Has their role changed? Do online events fulfill the same need in readers (and specifically bloggers) as live events do. Are people reading more book blogs? Does a blog tour take on more importance if there is not an actual physical book launch? I would love to hear what people think about this.
I have been a blogger for nearly 8 years now. Do I feel any different about my blogging activity under lockdown? I don’t really, not in a general way. The reviews I have promised to write remain. The desire to blog is still there. What has changed? I have had the time to do a long overdue tidy of my bookcases which has allowed me to ask myself questions as I unearth books I had forgotten about. Why didn’t I write about this or why haven’t I read that? The quiet space to read and write has changed under lockdown. My two young children are now around me all the time and need to be schooled. I am exhausted from home schooling, watching the news and being needed by my family. Bedtime is now the only time for reading (if I can stay awake) and if I am lucky I can read a few snatched pages upon waking up on weekend mornings. My writing space is now the school table, when it isn’t the breakfast, lunch and dinner table or the jigsaw puzzle space. Instead of picking and choosing what to blog about I ask myself what can I do to help in my community? I feel terrible for all the publishers and authors who have worked towards book launches at this time. I feel bad for the writers who have already spent so much time on their own and had meet ups planned as I know the planned social time is important for them. I contact some of them that I know with offers to write about their projects. I offer to organise a blog tour for a festival that I go to every year. I send books and DVDs to friends. I speak to more people in private messages to make sure they are okay. In my case all these things are interwoven with relationships which have been grown online but have been solidified in person at book events, over coffee and in face to face conversations. Everybody’s experience of blogging is different but for me I love being part of a community. Going to book events is like a renewal of vows, it enthuses me to go on blogging, reminds me why I do it, makes me feel part of something exciting and significant.
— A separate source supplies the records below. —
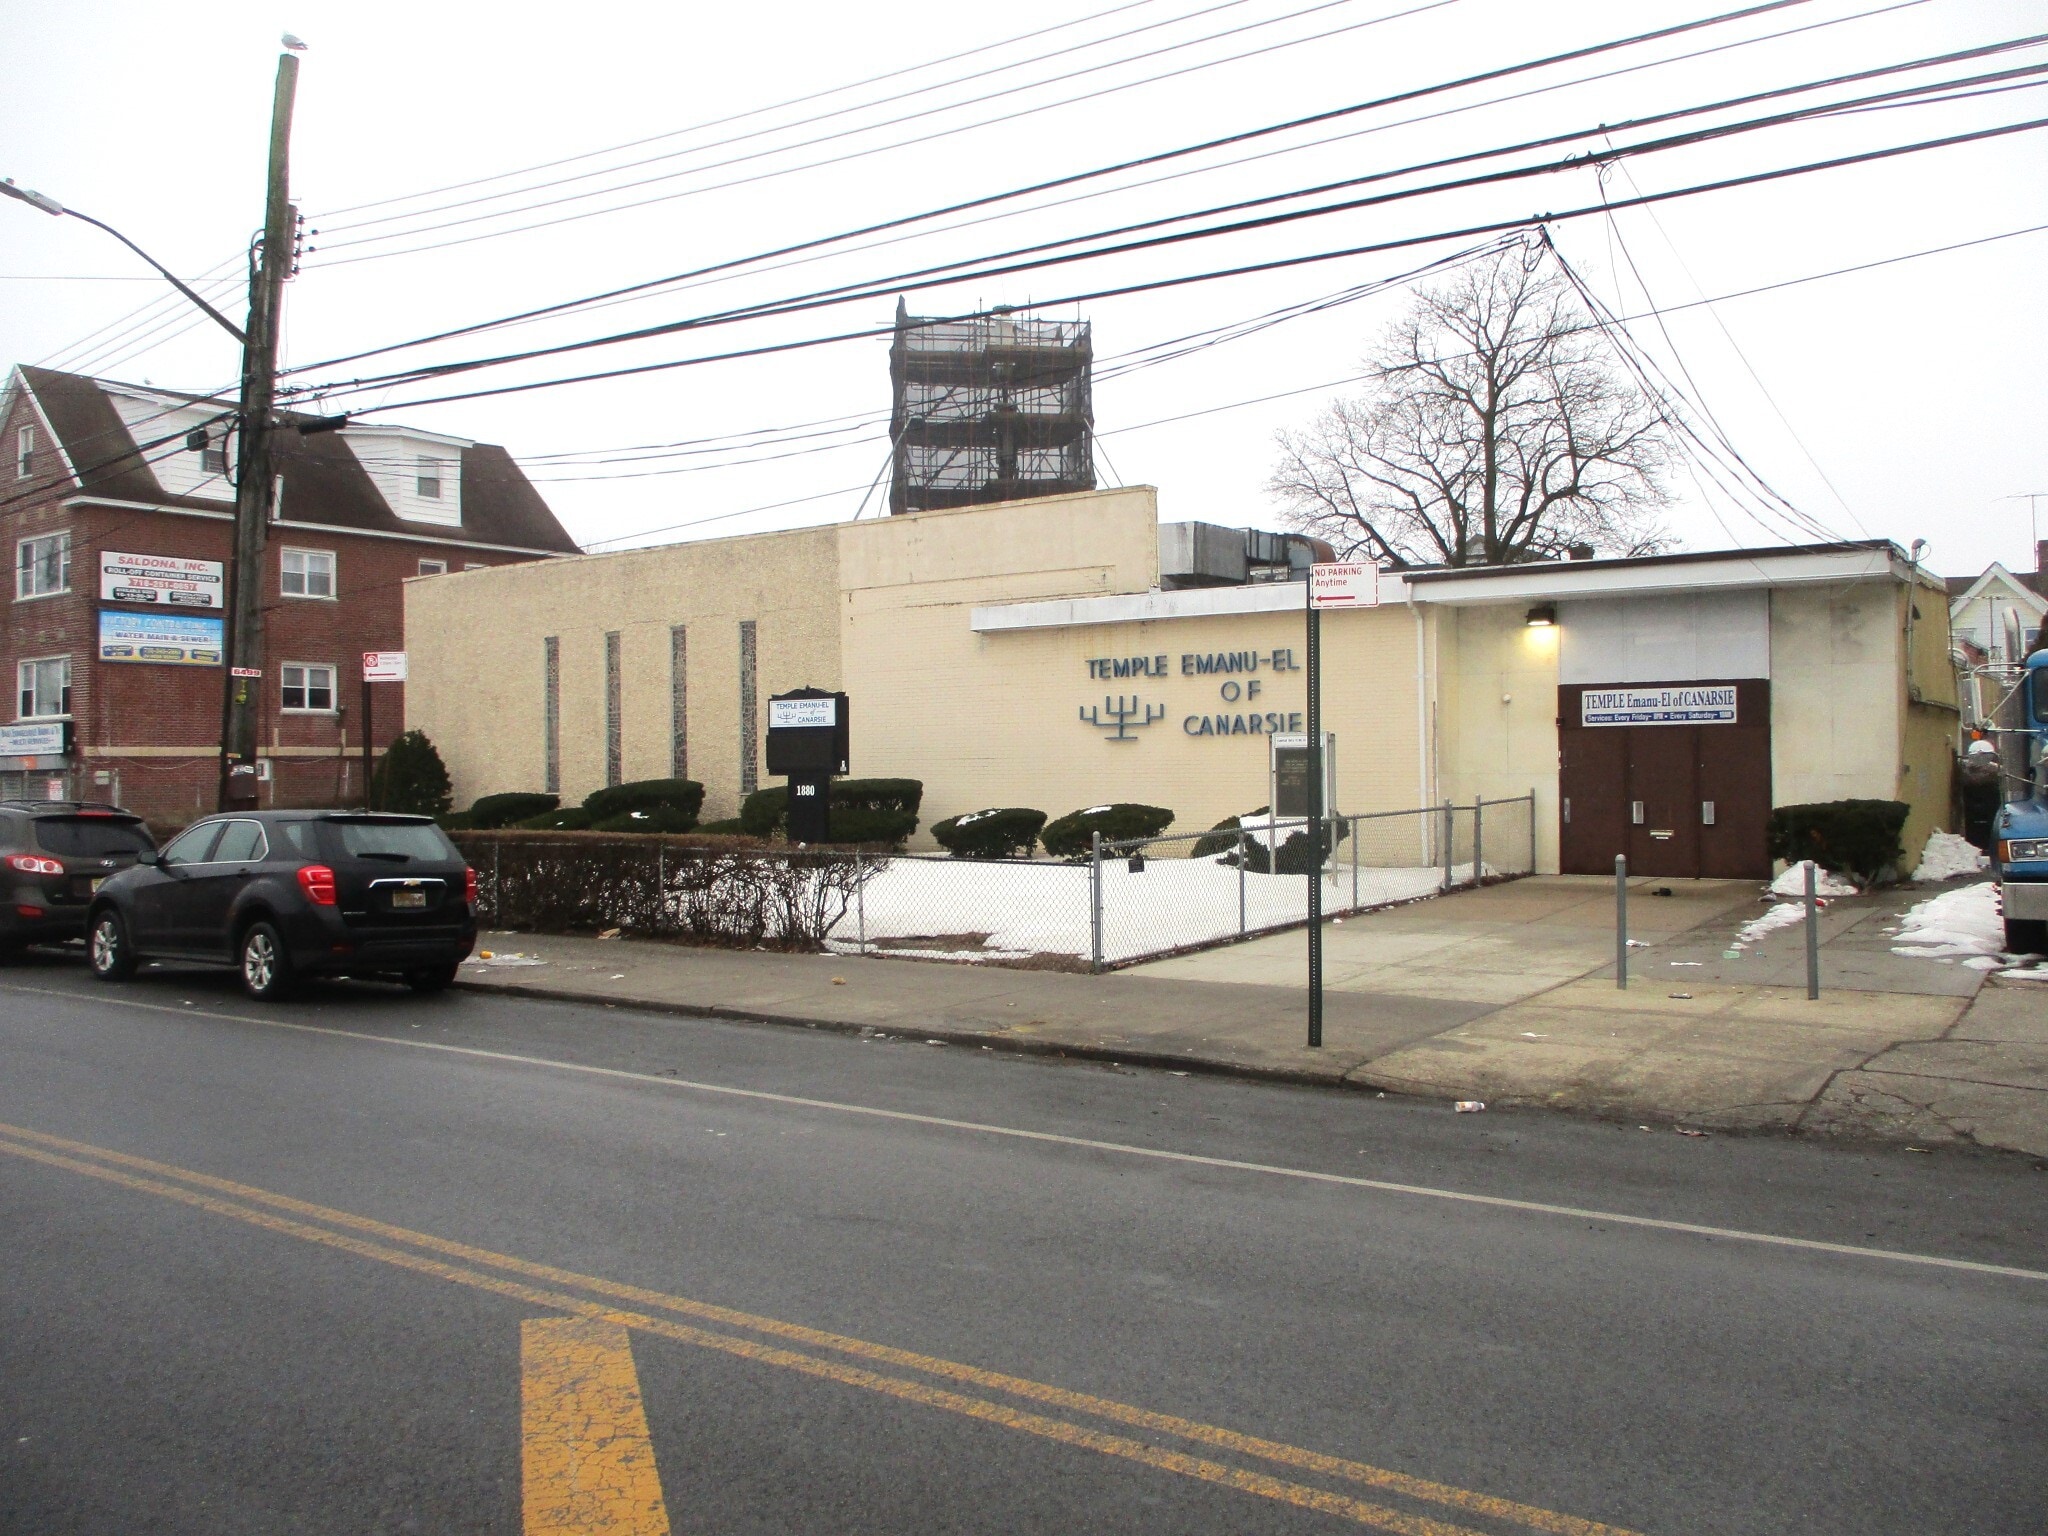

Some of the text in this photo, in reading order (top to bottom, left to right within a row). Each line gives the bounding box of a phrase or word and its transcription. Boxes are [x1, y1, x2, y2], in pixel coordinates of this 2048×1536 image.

[118, 556, 208, 572] SALDONA, INC.
[107, 567, 218, 583] ROLL-OFF CONTAINER SERVICE
[1315, 567, 1362, 577] NO PARKING
[1315, 578, 1348, 588] Anytime
[115, 631, 144, 639] WATER
[147, 633, 169, 641] MAIN
[180, 635, 210, 643] SEWER
[1085, 648, 1300, 680] TEMPLE EMANU-EL
[1220, 680, 1261, 702] OF
[799, 701, 829, 709] EMANU-EL
[1585, 690, 1734, 709] TEMPLE Emanu-El of CANARSIE
[1183, 712, 1302, 736] CANARSIE
[1587, 714, 1612, 722] Services:
[1614, 714, 1630, 722] Every
[1669, 712, 1686, 720] Every
[796, 785, 815, 796] 1880
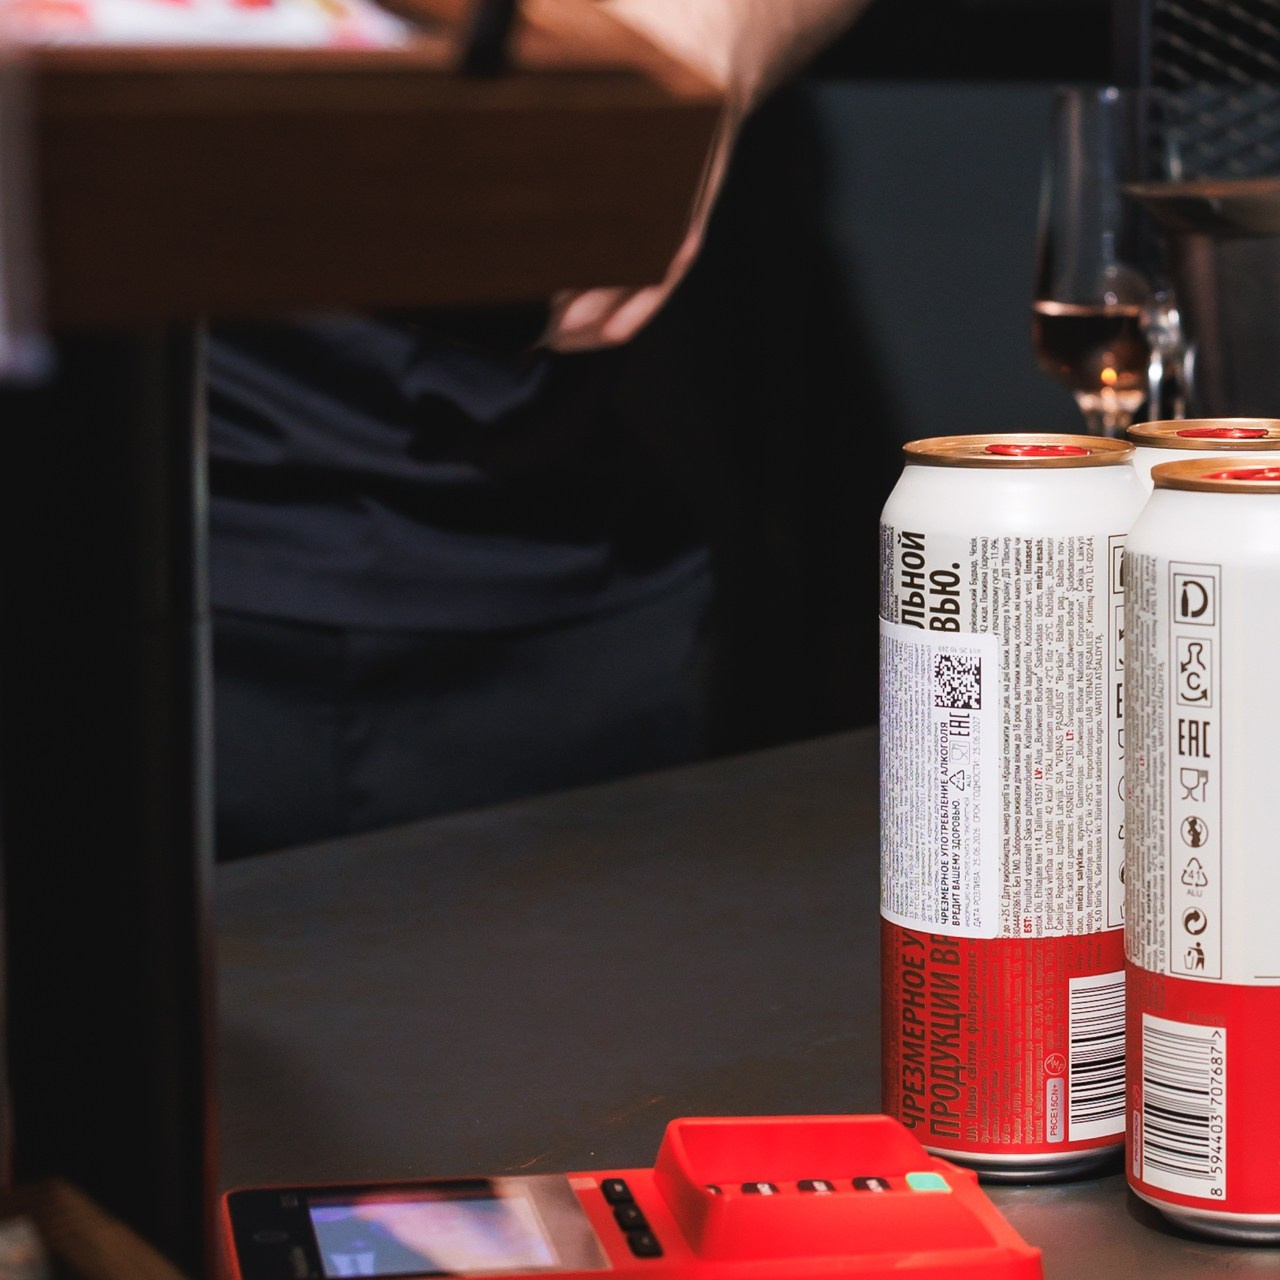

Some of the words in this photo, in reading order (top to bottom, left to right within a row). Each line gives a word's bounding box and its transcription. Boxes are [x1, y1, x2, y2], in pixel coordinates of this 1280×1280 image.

[1024, 690, 1032, 705] hele
[940, 722, 949, 776] АЛКОГОЛЯ
[1035, 748, 1043, 765] Alus
[940, 779, 949, 857] УПОТРЕБЛЕНИЕ
[951, 798, 961, 850] ЗДОРОВЬЮ.
[1024, 819, 1032, 841] Saksa
[1035, 808, 1043, 833] Tallinn
[941, 860, 949, 924] ЧРЕЗМЕРНОЕ
[951, 852, 960, 890] ВАШЕМУ
[952, 893, 961, 926] ВРЕДИТ
[1024, 916, 1032, 933] EST:
[902, 953, 926, 1130] ЧРЕЗМЕРНОЕ
[930, 974, 967, 1138] ПРОДУКЦИИ
[1210, 1046, 1223, 1105] 707687
[1210, 1114, 1223, 1174] 594403
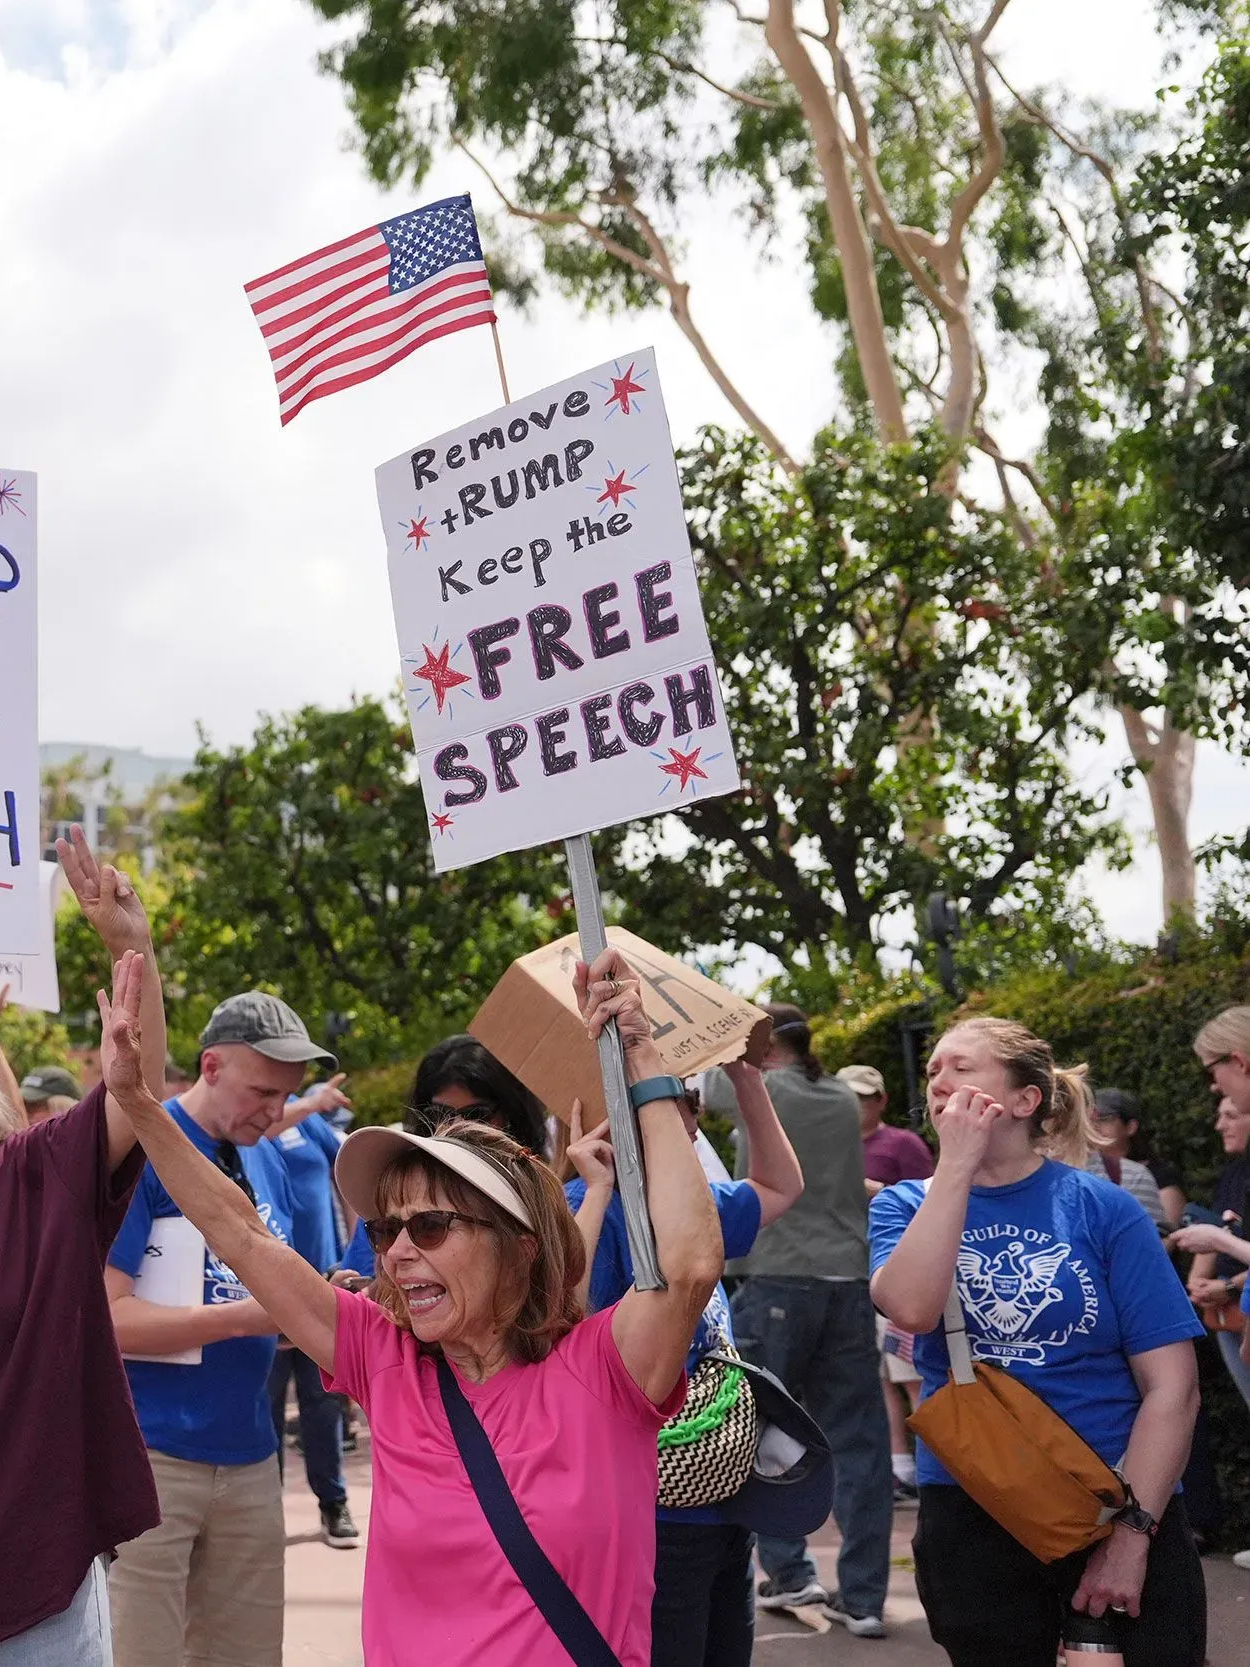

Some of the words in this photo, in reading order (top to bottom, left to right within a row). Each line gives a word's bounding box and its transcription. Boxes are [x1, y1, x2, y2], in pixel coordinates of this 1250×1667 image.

[410, 391, 590, 490] Remove
[441, 438, 595, 534] tRUMP
[437, 538, 553, 602] Keep
[565, 511, 633, 553] the
[467, 560, 680, 701] FREE
[433, 663, 717, 808] SPEECH
[671, 1037, 700, 1058] JUST
[694, 1032, 712, 1046] A
[705, 1012, 743, 1039] SCENE
[961, 1223, 1020, 1243] GUILD
[1024, 1228, 1053, 1245] OF
[1067, 1259, 1099, 1335] AMERICA
[991, 1345, 1026, 1357] WEST
Some festivals are moving to online events. Some under their own branding whilst others are becoming involved in kind of umbrella online events where their event becomes part of something larger and less specific. Some have had offers to slot specific events into festivals which are happening (they hope) later in the year. Some authors have taken to being creative themselves and doing pieces for their own social media. You Tube seems to be useful – book illustrators seem to be flourishing in the online visual culture. Musicians too.The first few weeks I thought this is great, all this will help me through these dark days. I usually cannot get enough of the arts and really craved online events when I could not get to things because of family commitments. Now that we are in week 4 of lockdown I find it all washing over me as I drown in online events that I cannot keep up with. I am craving eye contact, the smell of new books, handshakes, group laughter, group applause, group tears and deep, important discussions where I see and feel people express themselves. I know there are people busting a gut to get things online lest they be forgotten about but to me as an individual it seems not to hit the spot somehow. Perhaps there is too much online in my life now. Work online, school online, shop online, sell online, browse online, communicate online, listen online. It is all too much and for me it does not feel like a satisfying a substitute for the real thing. The travel, the human contact or feeling the buzz that makes events so exciting is part of what inspires me to keep blogging.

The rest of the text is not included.